:: PROBLEM STATEMENT ::
Copy the records that follow exactly as written, but not their pictures.

:: THE RECORDS ::
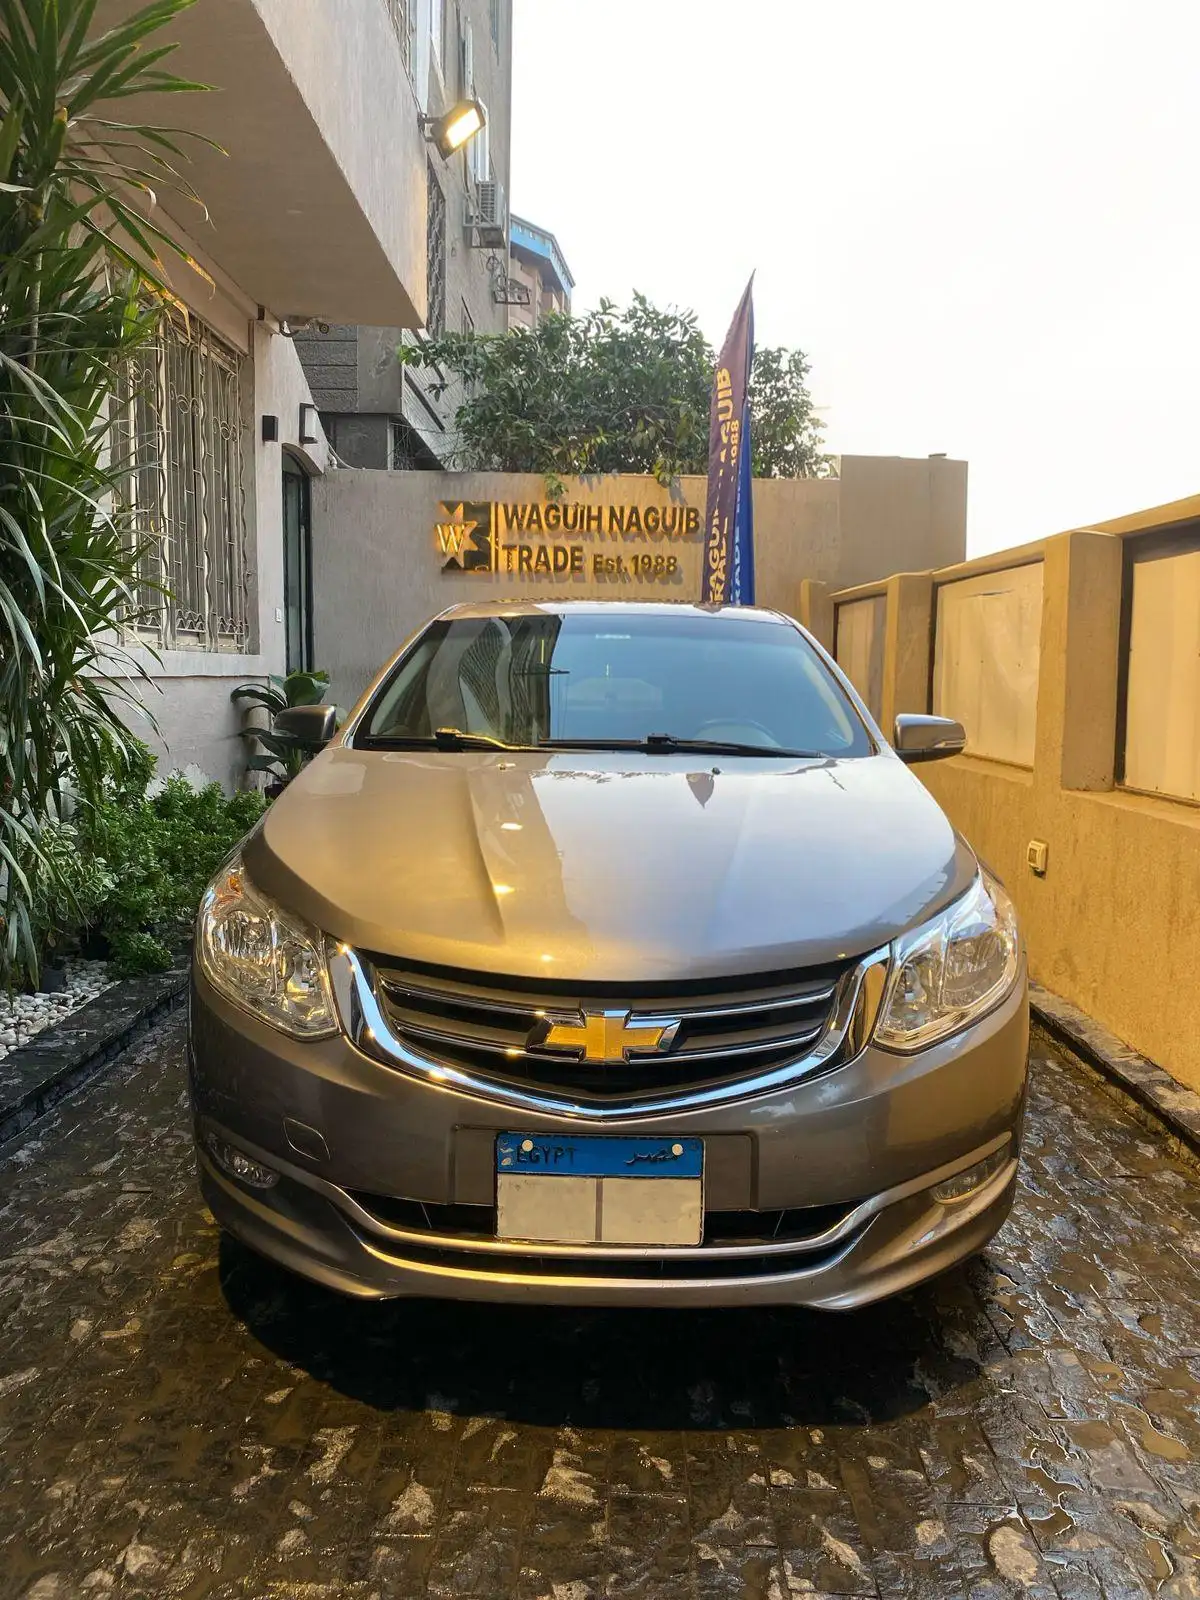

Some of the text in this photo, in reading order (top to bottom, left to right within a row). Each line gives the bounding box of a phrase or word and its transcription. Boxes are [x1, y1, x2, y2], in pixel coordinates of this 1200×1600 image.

[502, 503, 700, 534] WAGUIH NAGUIB
[502, 544, 678, 575] TRADE Est. 1988
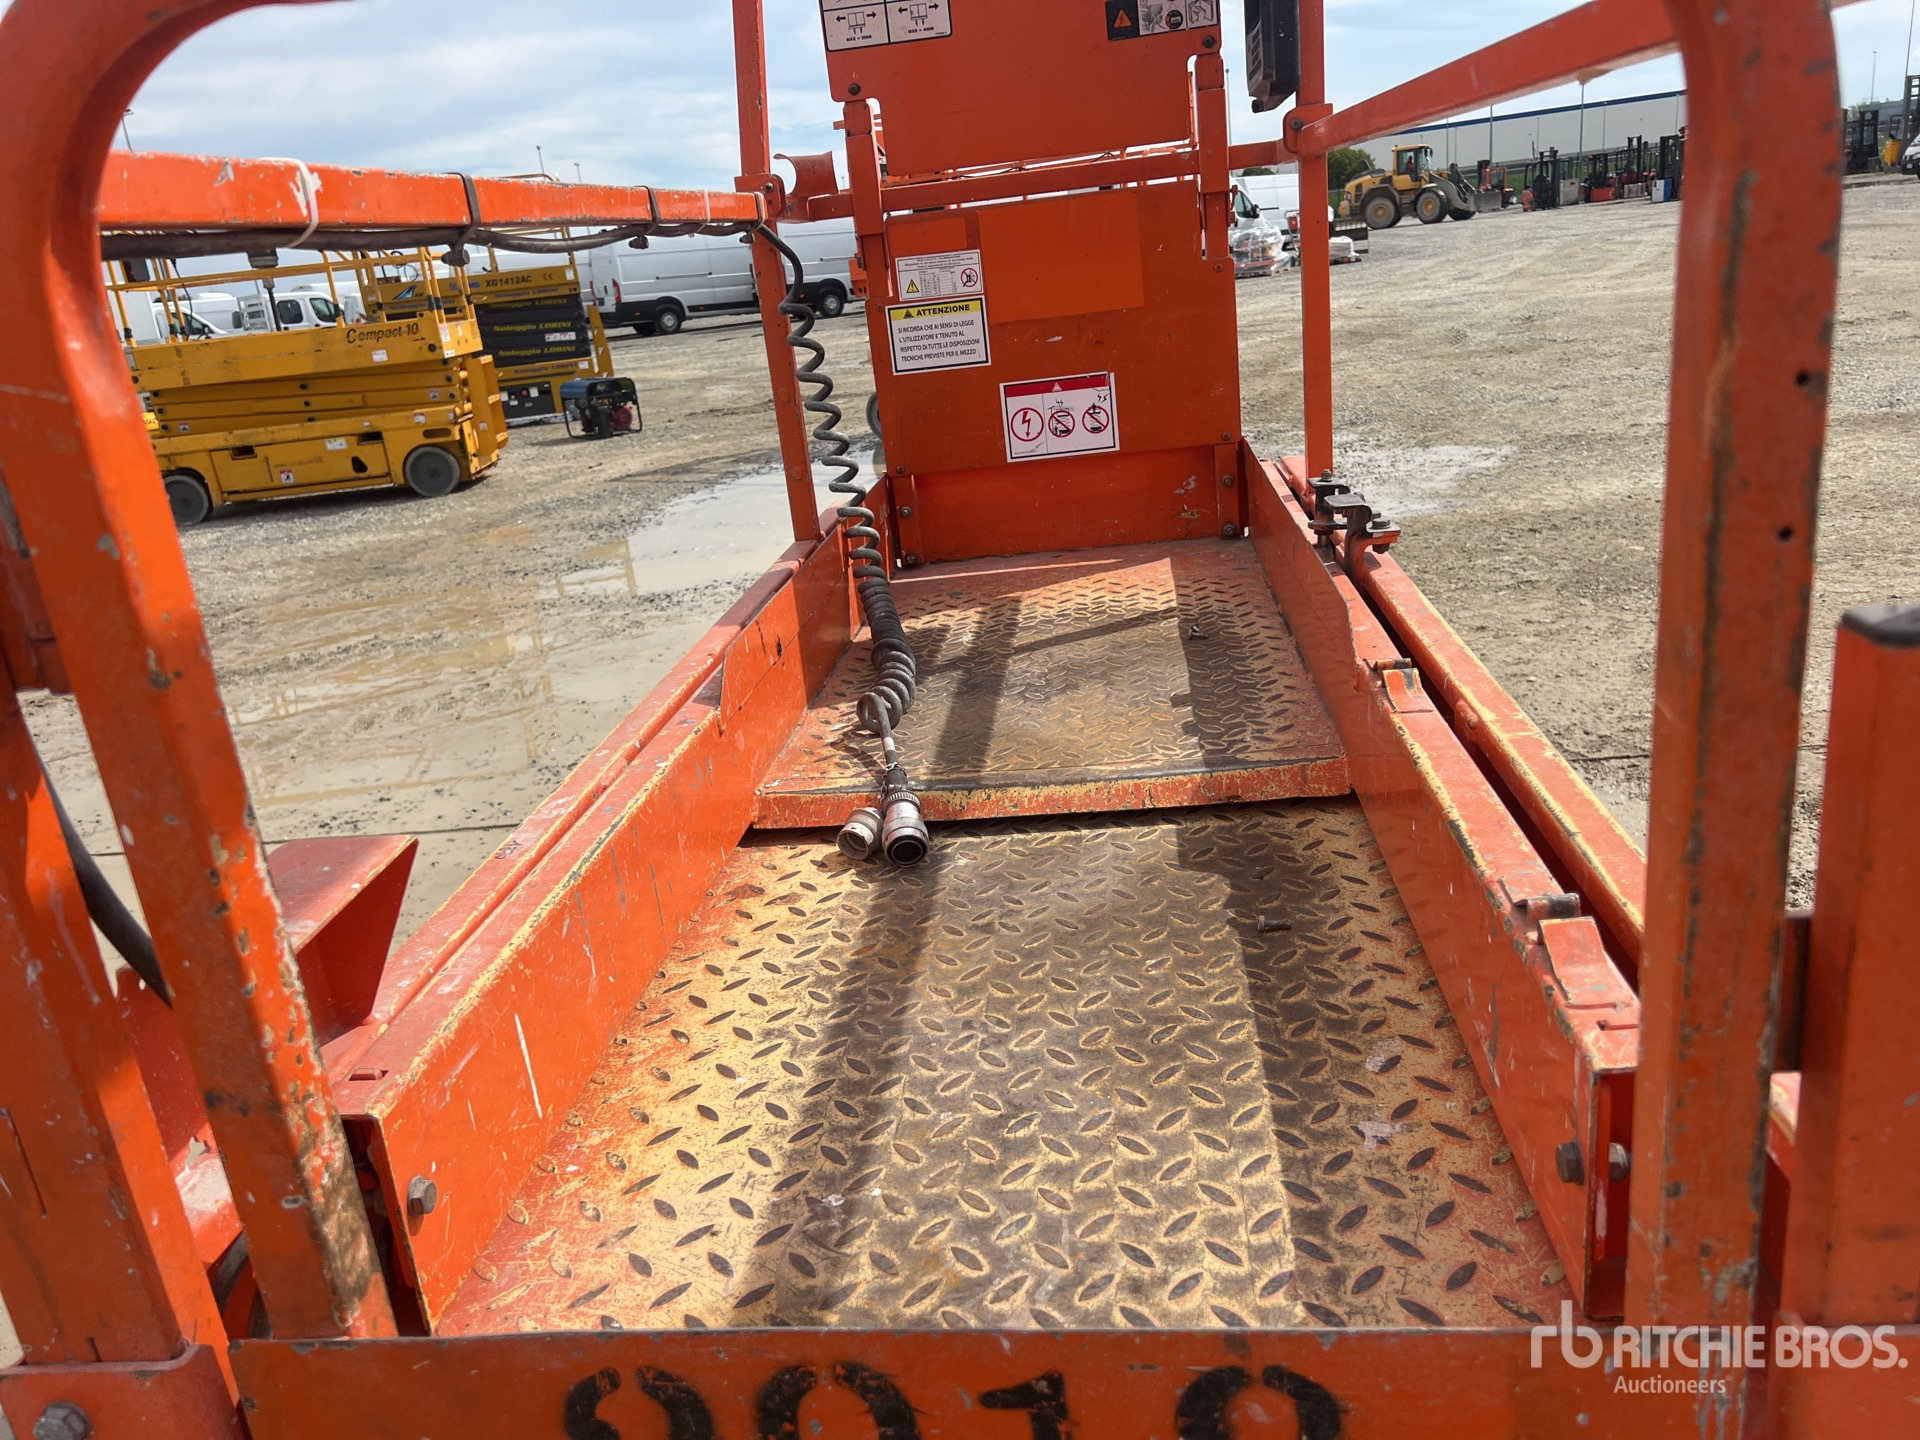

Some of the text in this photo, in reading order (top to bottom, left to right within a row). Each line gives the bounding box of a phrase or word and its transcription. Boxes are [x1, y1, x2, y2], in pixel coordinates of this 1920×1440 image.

[916, 303, 971, 317] ATTENZIONE
[346, 322, 419, 344] Compact 10
[903, 325, 923, 333] RICORDA
[959, 319, 974, 327] LEGGE
[900, 344, 922, 353] RISPETTO
[928, 342, 942, 350] TUTTE
[949, 338, 980, 347] DISPOSIZIONI
[901, 354, 924, 362] TECNICHE
[924, 352, 945, 360] PREVISTE
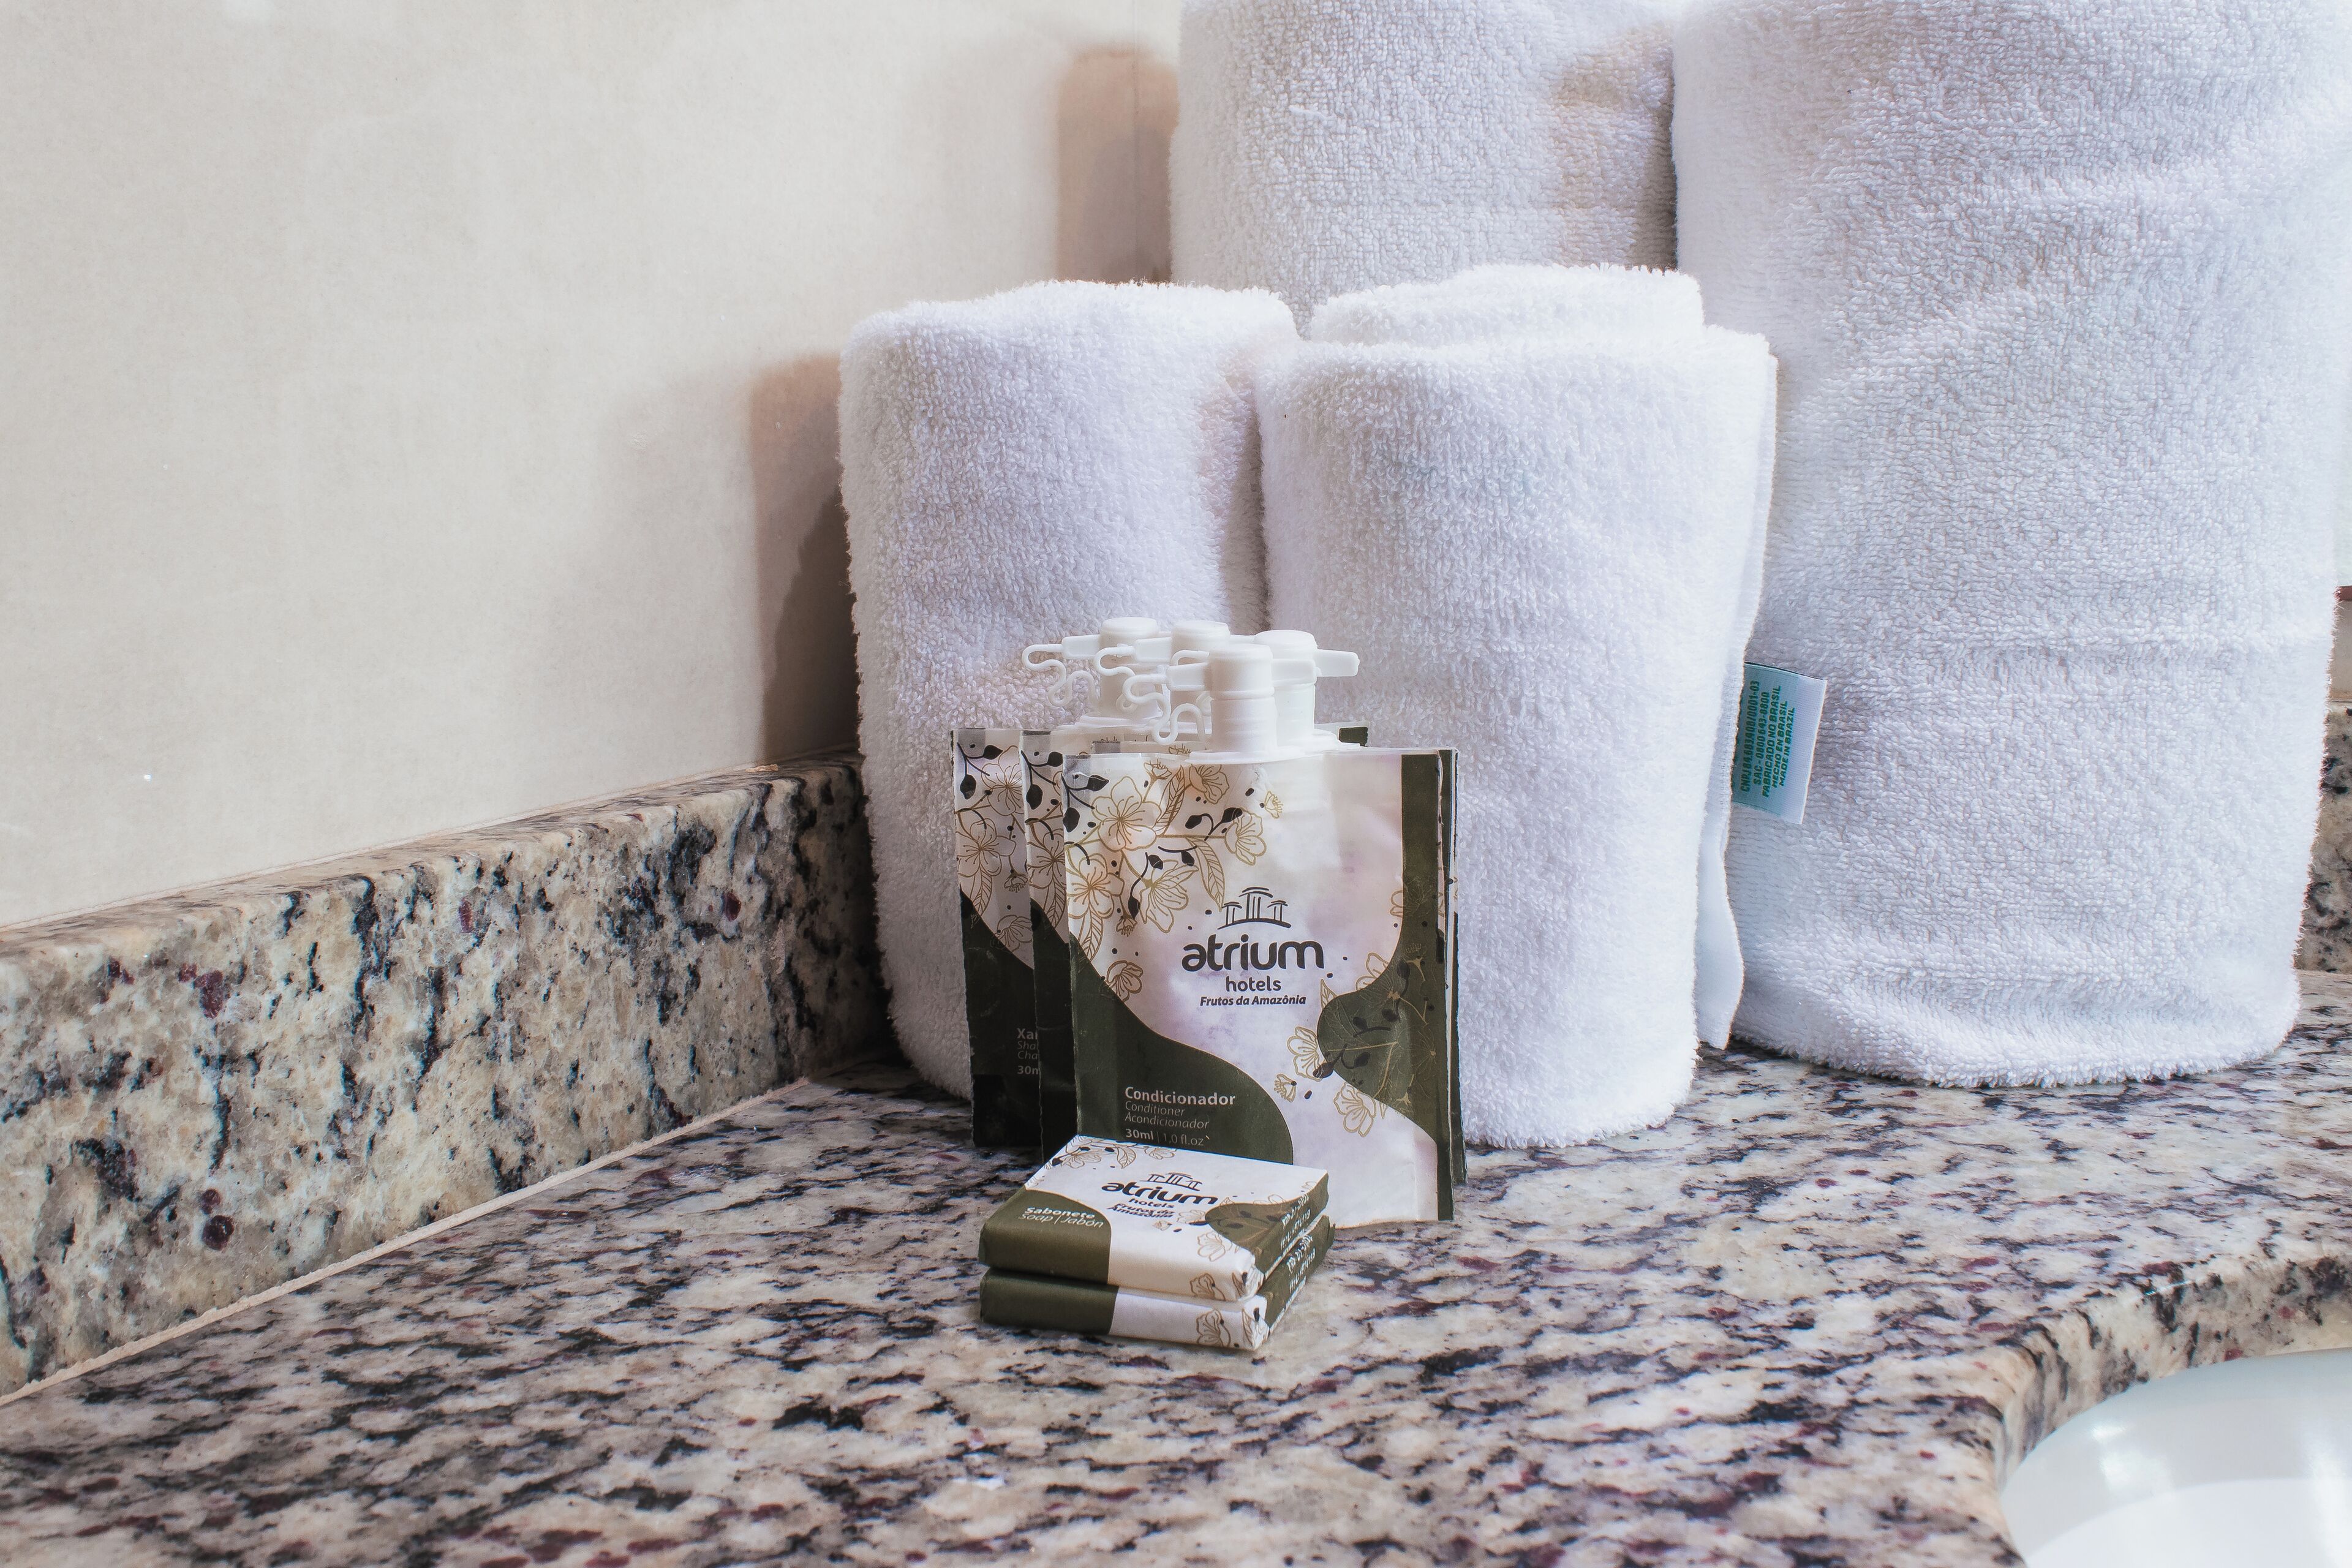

:: RESPONSE TO THIS EXERCISE ::
Some of the text in this photo, in reading order (top to bottom, left to right within a row). Each line gives the bounding box of a phrase or word and its transcription. Boxes are [x1, y1, x2, y2], in pixel coordinates of this 1200×1600 image.

[502, 503, 700, 534] WAGUIH NAGUIB
[502, 544, 678, 575] TRADE Est. 1988

Some of the text in this photo, in reading order (top to bottom, left to right within a row). Each line gives the bounding box of a phrase or word and its transcription. Boxes are [x1, y1, x2, y2], in pixel coordinates of this 1920×1440 image.

[916, 303, 971, 317] ATTENZIONE
[346, 322, 419, 344] Compact 10
[903, 325, 923, 333] RICORDA
[959, 319, 974, 327] LEGGE
[900, 344, 922, 353] RISPETTO
[928, 342, 942, 350] TUTTE
[949, 338, 980, 347] DISPOSIZIONI
[901, 354, 924, 362] TECNICHE
[924, 352, 945, 360] PREVISTE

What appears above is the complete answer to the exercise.